Your reproduction of the entries should be exact and should contain no pictures.

-- Opening Marker --

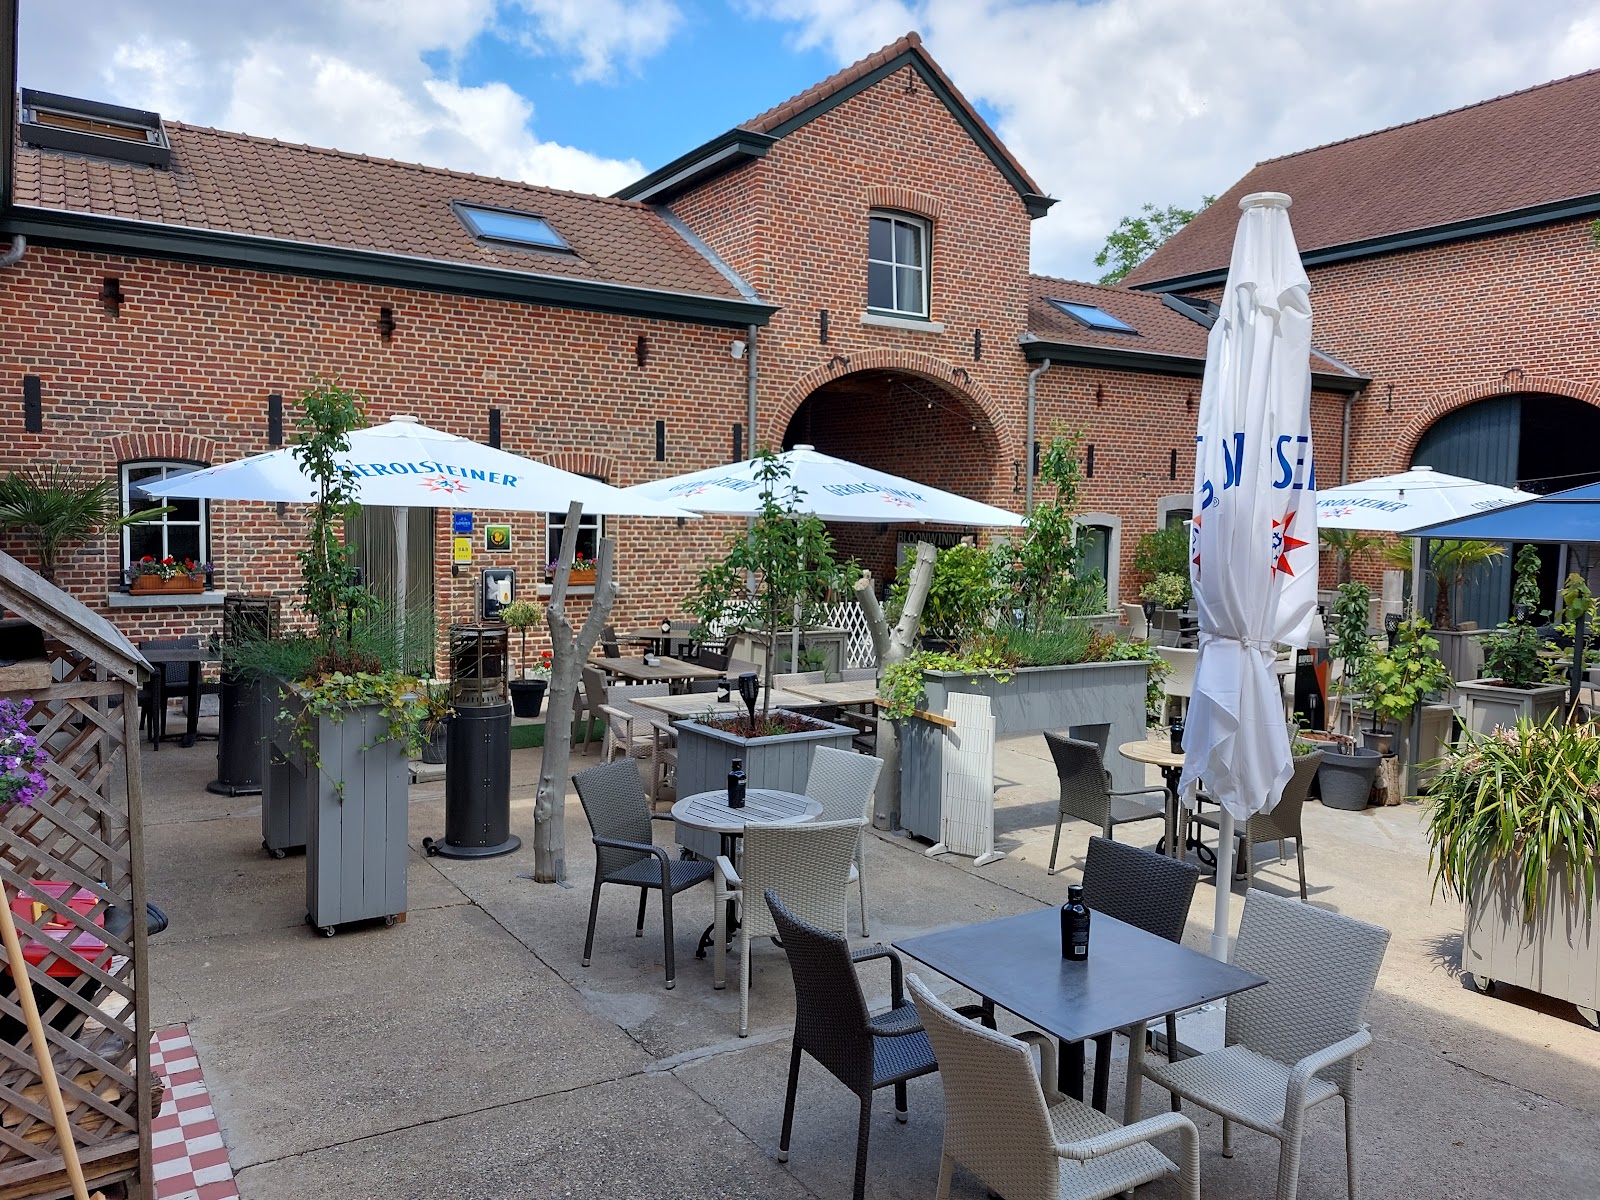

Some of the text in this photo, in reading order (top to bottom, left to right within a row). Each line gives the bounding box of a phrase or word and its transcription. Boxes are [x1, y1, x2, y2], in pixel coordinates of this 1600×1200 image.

[668, 477, 760, 493] GEROTEINER
[1315, 498, 1409, 513] EROLSTEINER
[897, 531, 963, 546] BLOONWINNI
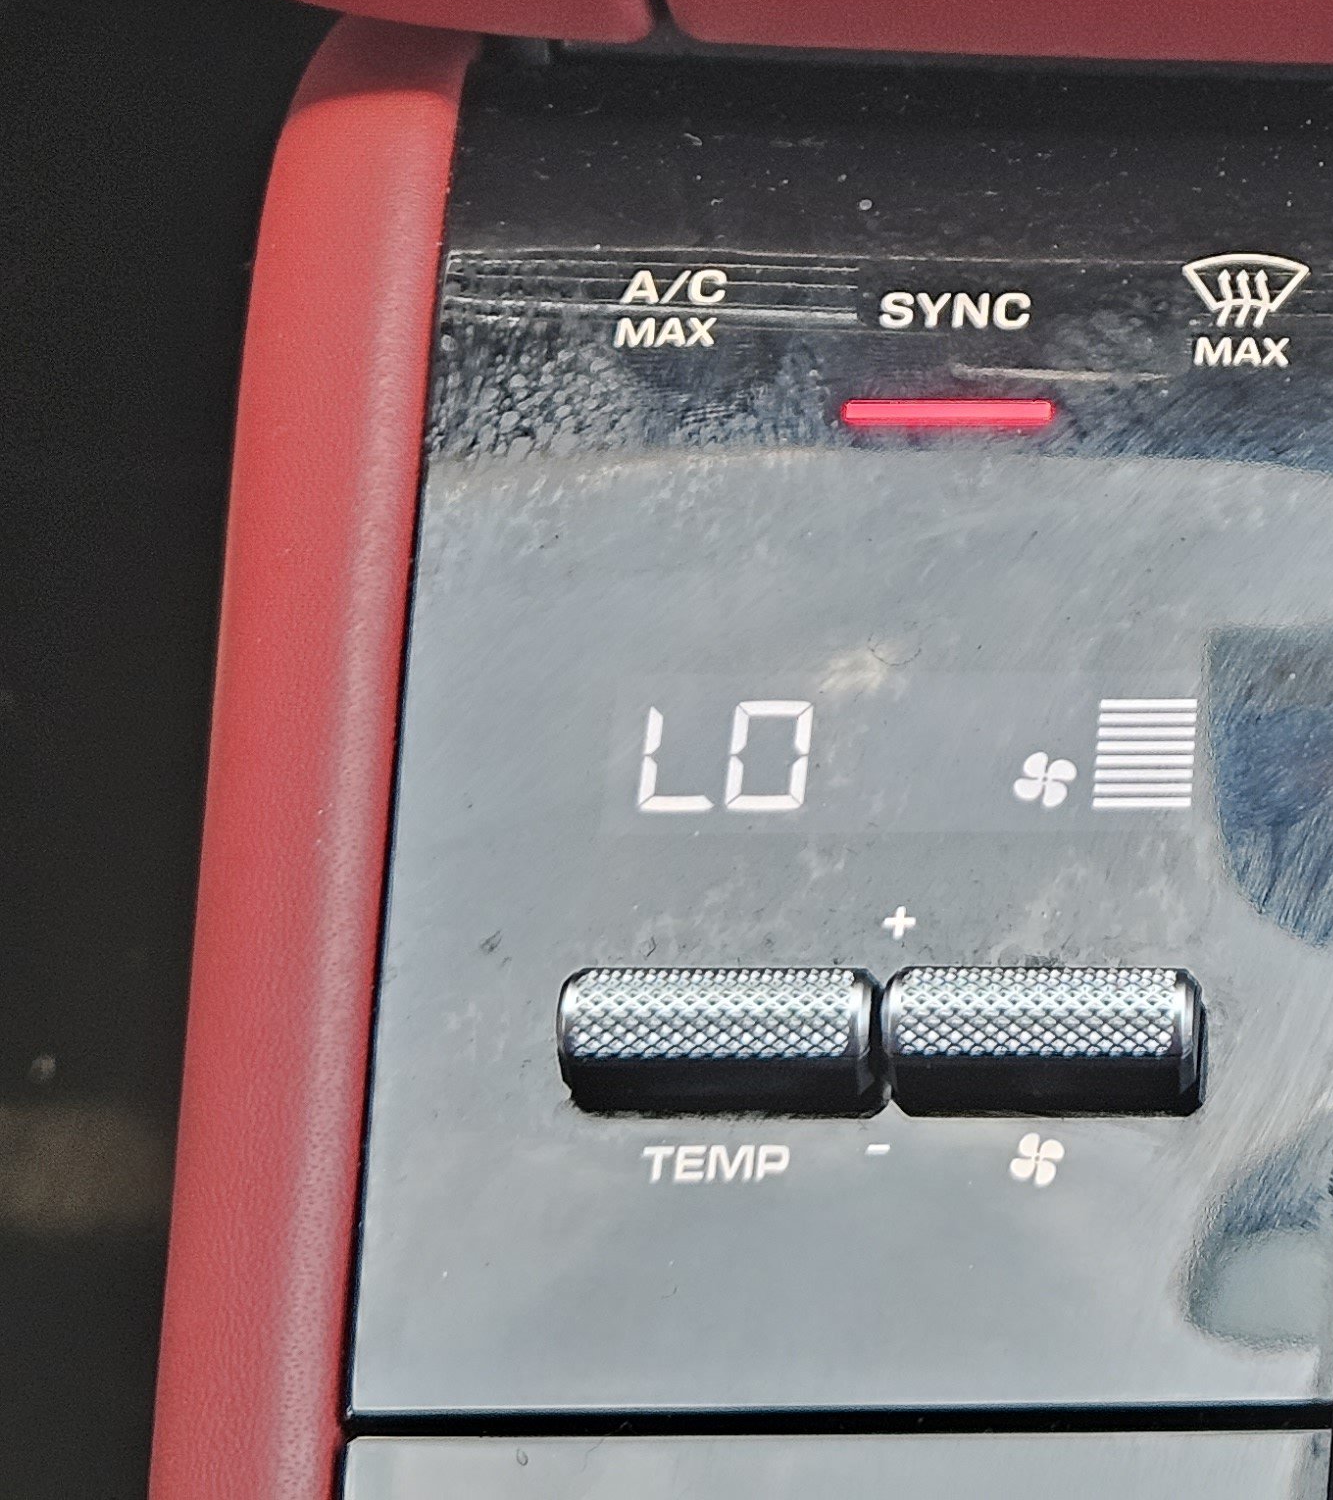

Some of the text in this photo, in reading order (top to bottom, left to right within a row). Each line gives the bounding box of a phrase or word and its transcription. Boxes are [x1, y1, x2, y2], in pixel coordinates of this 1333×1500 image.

[621, 268, 728, 307] A/C
[879, 292, 1031, 330] SYNC
[613, 317, 718, 348] MAX
[1194, 337, 1290, 368] MAX
[637, 700, 814, 813] LO
[643, 1144, 791, 1184] TEMP
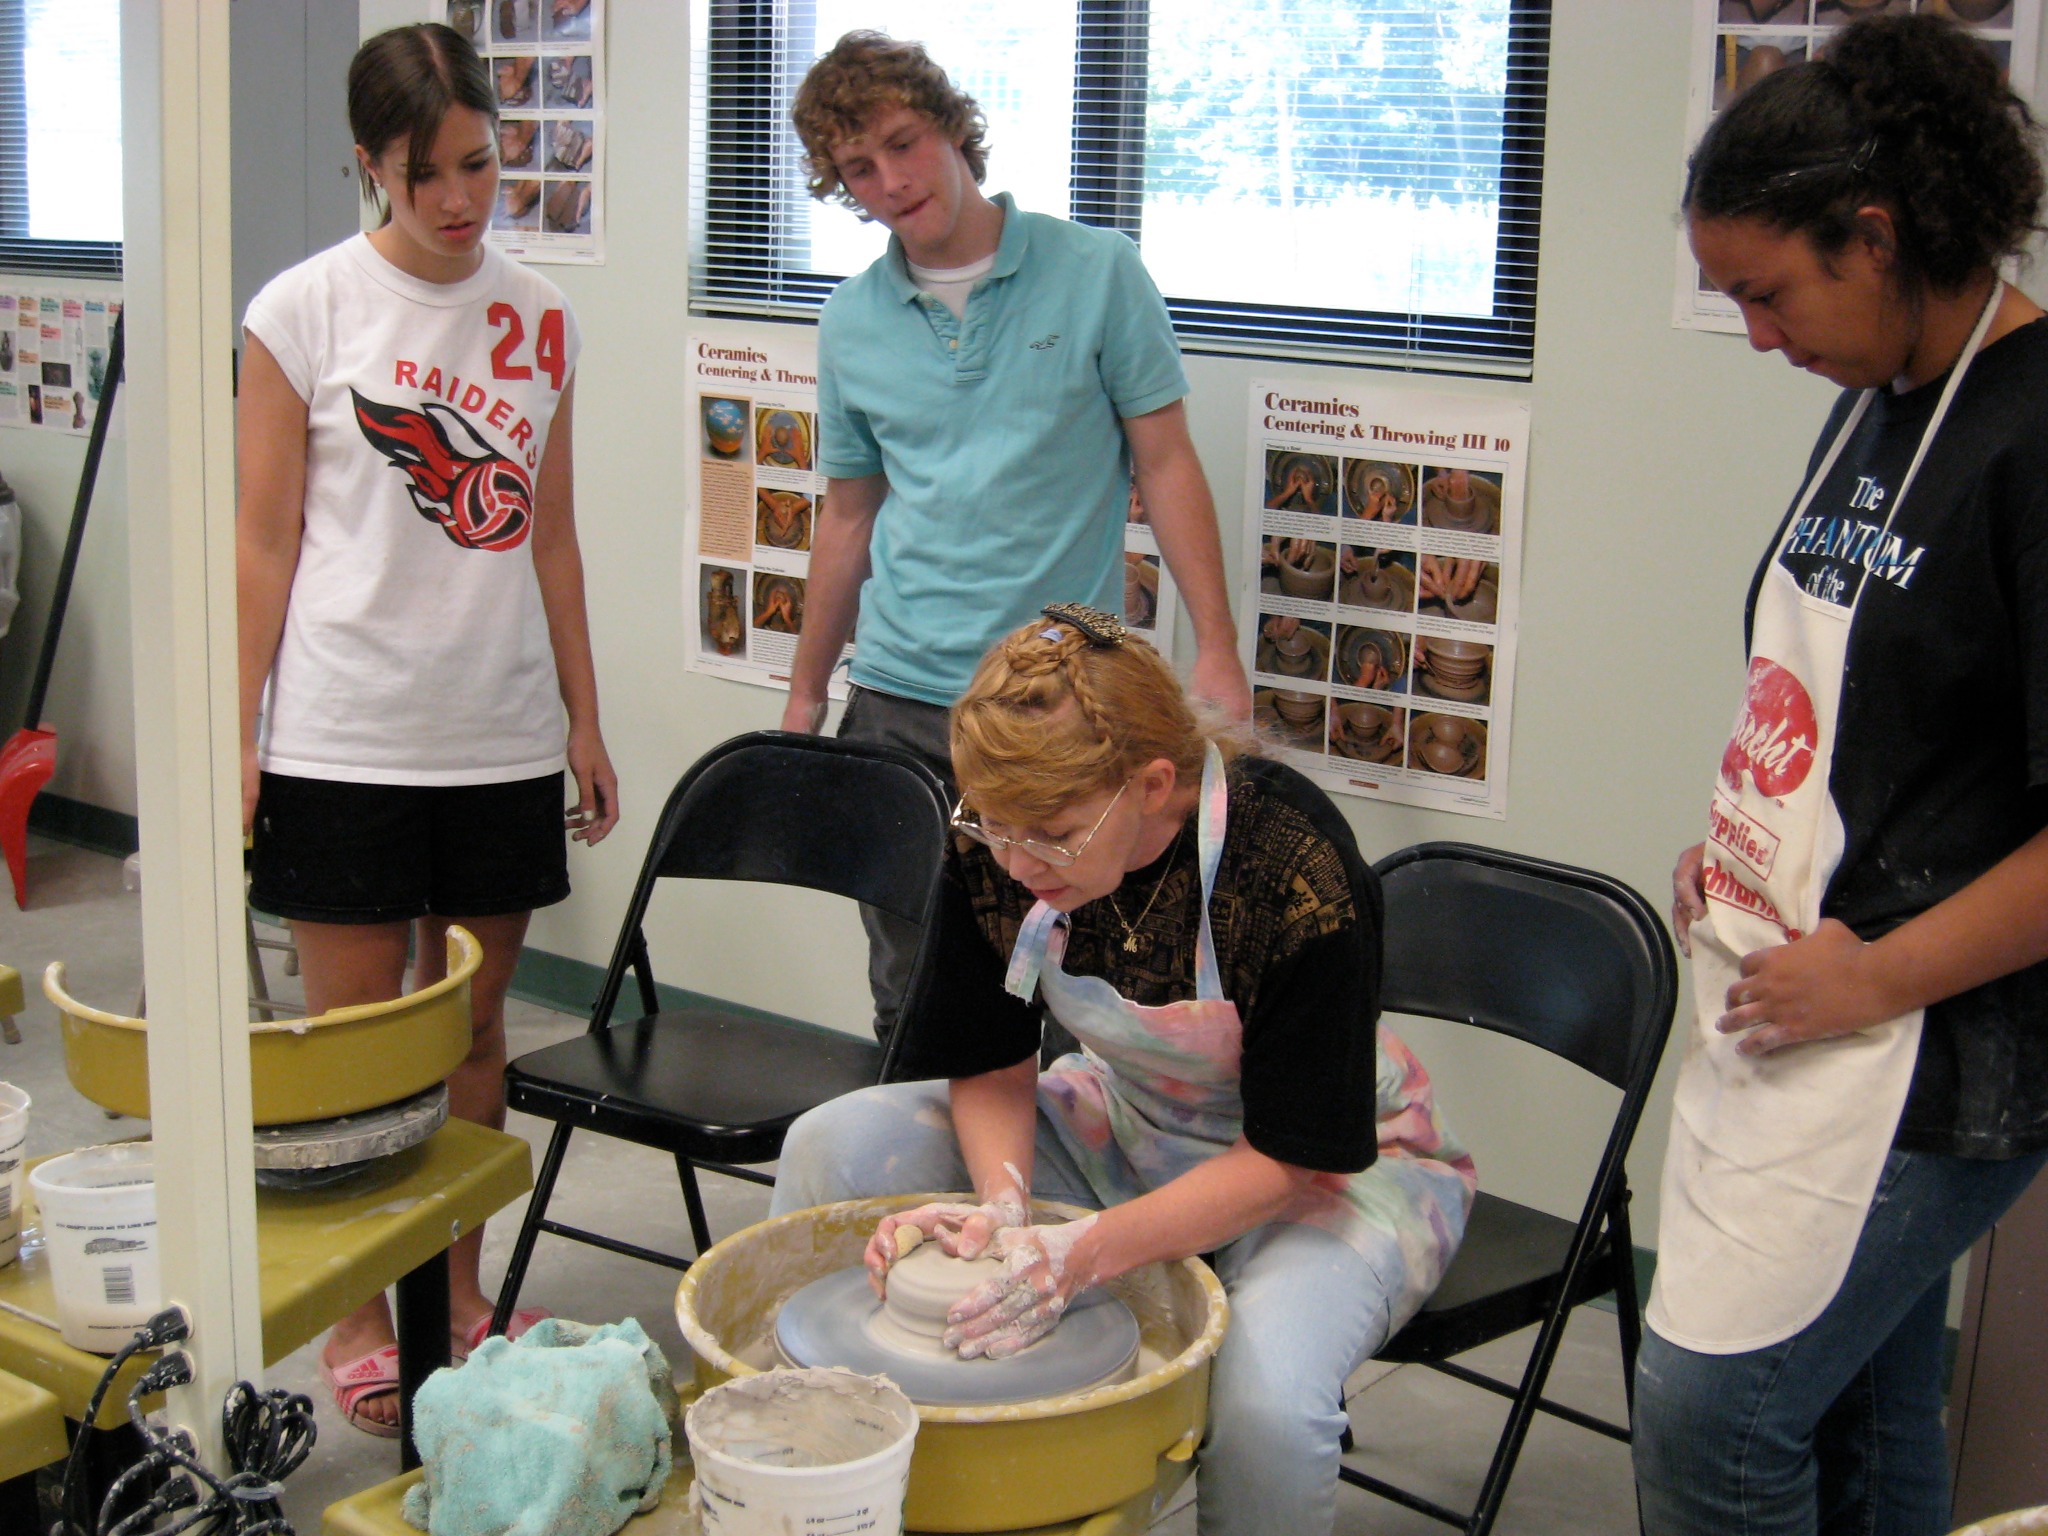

-- Closing Marker --

▶ **Solution to the exercise**:
Some of the text in this photo, in reading order (top to bottom, left to right within a row). Each line gives the bounding box of a phrase or word and its transcription. Boxes are [x1, y1, x2, y2], in pixel coordinates of this 1600×1200 image.

[668, 477, 760, 493] GEROTEINER
[1315, 498, 1409, 513] EROLSTEINER
[897, 531, 963, 546] BLOONWINNI

Some of the text in this photo, in reading order (top to bottom, left to right within a row). Each line gives the bounding box of a phrase or word and its transcription. Boxes are [x1, y1, x2, y2], in pixel coordinates of this 1333×1500 image.

[621, 268, 728, 307] A/C
[879, 292, 1031, 330] SYNC
[613, 317, 718, 348] MAX
[1194, 337, 1290, 368] MAX
[637, 700, 814, 813] LO
[643, 1144, 791, 1184] TEMP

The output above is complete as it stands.